Welcome to Episode Thirty of our nightly audio adventure, The Prisoner of Windsor. For fans of my serialization of The Prisoner of Zenda, this is a sequel and a contemporary inversion - that's to say, this time round the Ruritanian has to sub for the Englishman - which isn't so easy in a fantastical kingdom prone to strange, superstitious fears. In tonight's episode, for example, the country faces a new threat:
The chief executive of Public Health England and vice-president of NASTI – the National Association for Sexually Transmitted Infections – had a transmission model showing that a hyper-resistant post-Brexit strain of Covid-related climate-change-accelerated mega-gonorrhea could bring the UK to its knees within seventy-two hours...
'Have you all gone daft?' I interjected. 'Is there one verified case of this mega-gonorrhea?'
'Well, actually,' said His Majesty, 'I don't wish to be indiscreet, but we rather think you've got a bad dose.'
All that plus some not so de-radicalized Mohammeds and a touchy rocker. If you're a member of The Mark Steyn Club you can hear Part Thirty of our serialization of The Prisoner of Windsor simply by clicking here and logging-in. All previous episodes can be found here.

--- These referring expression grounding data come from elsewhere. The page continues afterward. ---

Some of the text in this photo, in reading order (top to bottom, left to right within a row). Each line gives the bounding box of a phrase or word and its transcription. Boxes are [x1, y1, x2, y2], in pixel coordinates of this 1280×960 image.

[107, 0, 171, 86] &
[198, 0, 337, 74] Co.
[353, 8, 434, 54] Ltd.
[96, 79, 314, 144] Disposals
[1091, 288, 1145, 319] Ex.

Peter, a First Week Founding Member of The Mark Steyn Club from a town that lends its name to one of this tale's royal duchesses, writes:
Still loving this, many thanks. Some of the episodes remind me of The Man Who Was Thursday - a semi-nightmare phantasmagoria - but all too real of course.

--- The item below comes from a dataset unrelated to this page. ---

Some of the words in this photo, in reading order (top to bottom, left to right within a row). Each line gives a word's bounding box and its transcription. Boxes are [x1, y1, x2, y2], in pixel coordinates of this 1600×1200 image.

Alas, yes. A few episodes back, after Rudy Elphberg gives a pro-imperialism speech to a teachers' conference, I mentioned en passant:
As you undoubtedly know, the great speech-disaster scene in English literature is Gussie Fink-Nottle's address to the Market Snodsbury Grammar School, which is a work of genius by P G Wodehouse.
Peter adds:
Indeed. But a shout-out here to Jim Dixon's drunken lecture from Kingsley Amis' Lucky Jim...
No arguments there: one of the great set-pieces of the post-war English novel.